Since November 2009, the downtown campus staff has administered 1,155 ASQ assessments, and has found:
- 38 percent of the children assessed were developmentally on target for their age.
- 22 percent tested at borderline, and parents received education and training to help their child become school ready and meet the developmental standards.
- 40 percent of the children were identified as delayed. The questionnaire coordinator provided additional education and referred the families to early intervention with Berks County Intermediate Unit or Service Access Management.
"We have seen important yet distressing results. The national average shows one in six children who were administered the ASQ have an identified developmental delay.
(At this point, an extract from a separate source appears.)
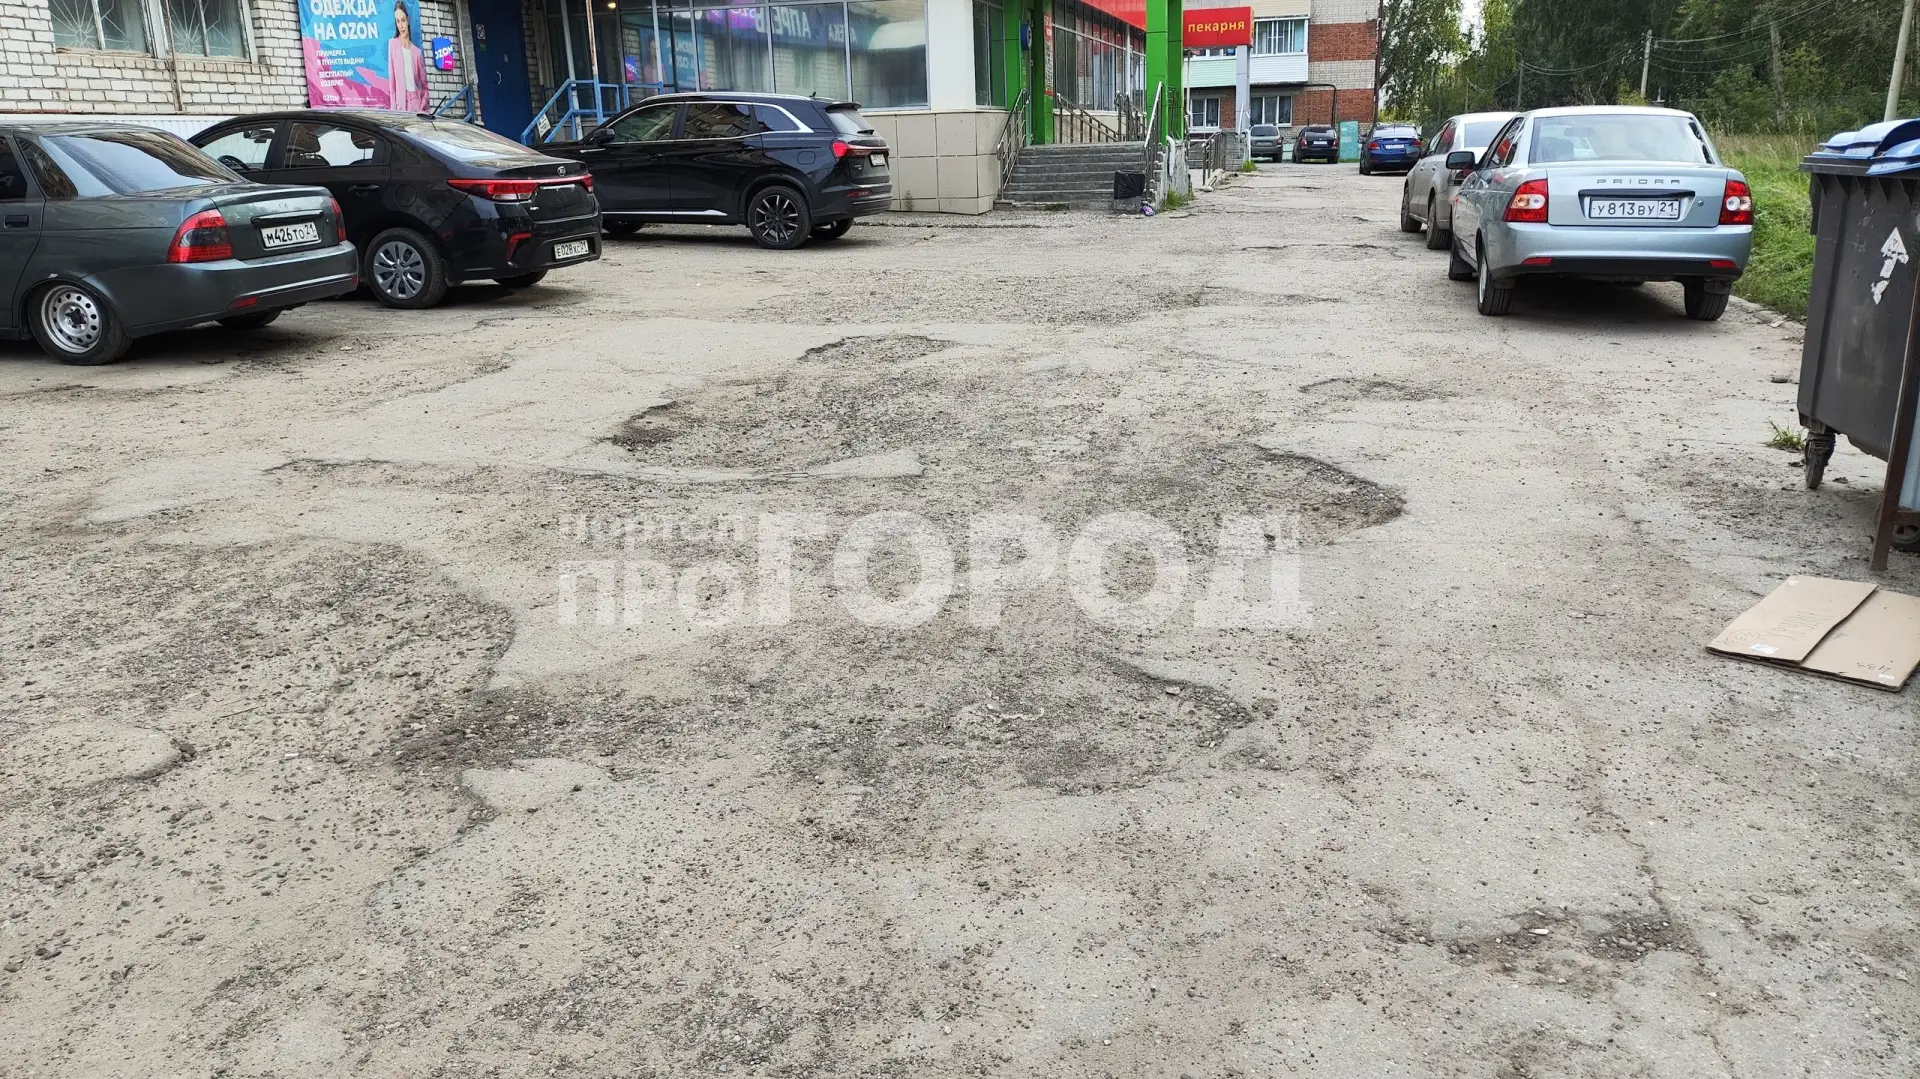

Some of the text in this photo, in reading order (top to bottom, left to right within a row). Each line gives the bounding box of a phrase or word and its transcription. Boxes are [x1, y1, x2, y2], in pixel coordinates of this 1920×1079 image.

[311, 0, 377, 18] ОДЕЖДА
[314, 22, 379, 40] НА OZON
[1188, 21, 1245, 34] пекарня
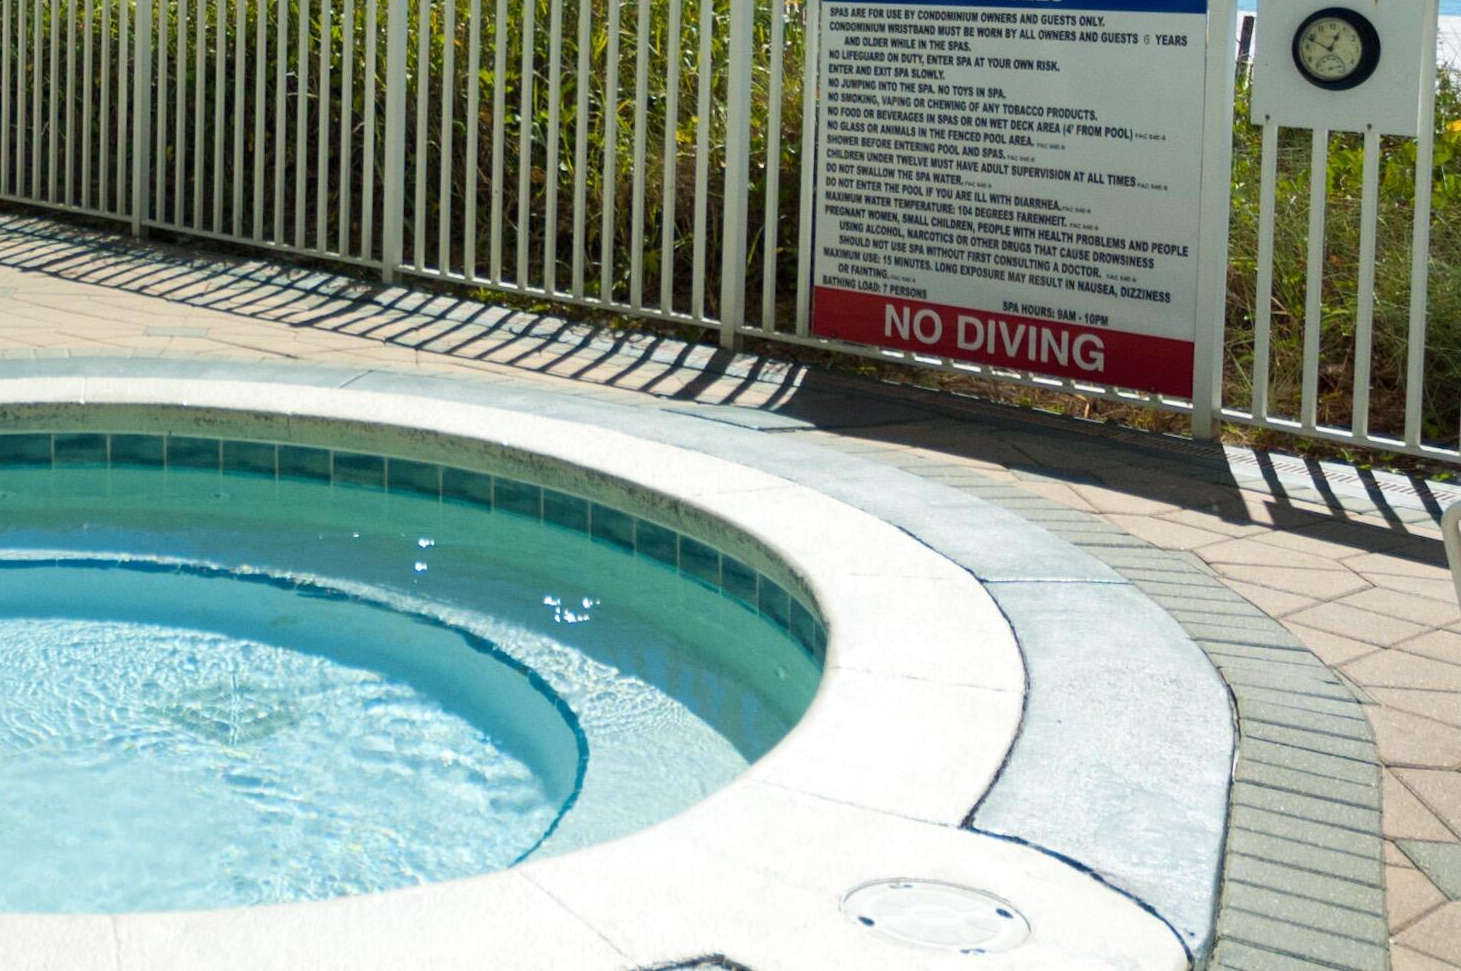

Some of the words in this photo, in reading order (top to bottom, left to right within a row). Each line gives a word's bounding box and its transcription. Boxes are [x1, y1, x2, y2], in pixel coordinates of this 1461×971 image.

In Reading, we are seeing an average of three out of five," Altland said.
The second component of this grant is the establishment of Play & Learn Centers (PLC) in collaboration with The Salvation Army.
Mindy McCormick, the Salvation Army's director of social services, described the Play and Learn Centers as informal, neighborhood-based parent and child activity sessions, with the goal of working with parents of at-risk children at the earliest stages in order to intervene and encourage healthy development.
"If parents and caregivers are provided information, referrals, support and opportunities to stimulate healthy development, the percentage of disadvantaged children entering kindergarten with developmental delays will decrease," she explained.
Neighbors Helping Neighbors is a collaboration between St. Joseph and Catholic Charities of the Diocese of Allentown to expand the outreach and volunteer base in Berks and southern Schuylkill counties to help older adults stay in their homes safely for as long as possible.
It is also hoped the program, funded at $260,000 over three years, will significantly improve access to social services and health care.
Sister Janet Henry, St. Joseph's vice president of mission and ministry, noted that the number of elderly requiring services will increase dramatically over the next two decades. They are living longer and wish to remain in their homes.
That means informal support networks provided by family and friends are being taxed more heavily, she said, and studies show that successful aging-in-place strategies minimize inadequate and inappropriate care as well as the overall costs of that care by offering a range of flexible services to fit the needs of the individual.
Pamela Russo, assistant director of Catholic Charities of the Diocese of Allentown, said the vision for Neighbors Helping Neighbors "is to provide the benefits of friendship, companionship, assistance, and spiritual care. We hope to enhance, in every dimension, the fullness of life of elders living in their community independently."
She said the volunteers will lend a helping hand to elders, serve as their advocates, and help them stay connected to their communities and to help them enjoy a fullness of life residing in their own homes and to participate as fully as possible in the life of the community. She said the program will be offered in cooperation with churches and families, community organizations, health care providers and agencies serving elders.
"The key word we have heard today is 'partner.' As St. Joseph, like all hospitals, prepares for health care reform, partnering will be more important than ever before, Morahan said as the annual meeting closed.
"Strong collaborations with different organizations build healthy communities."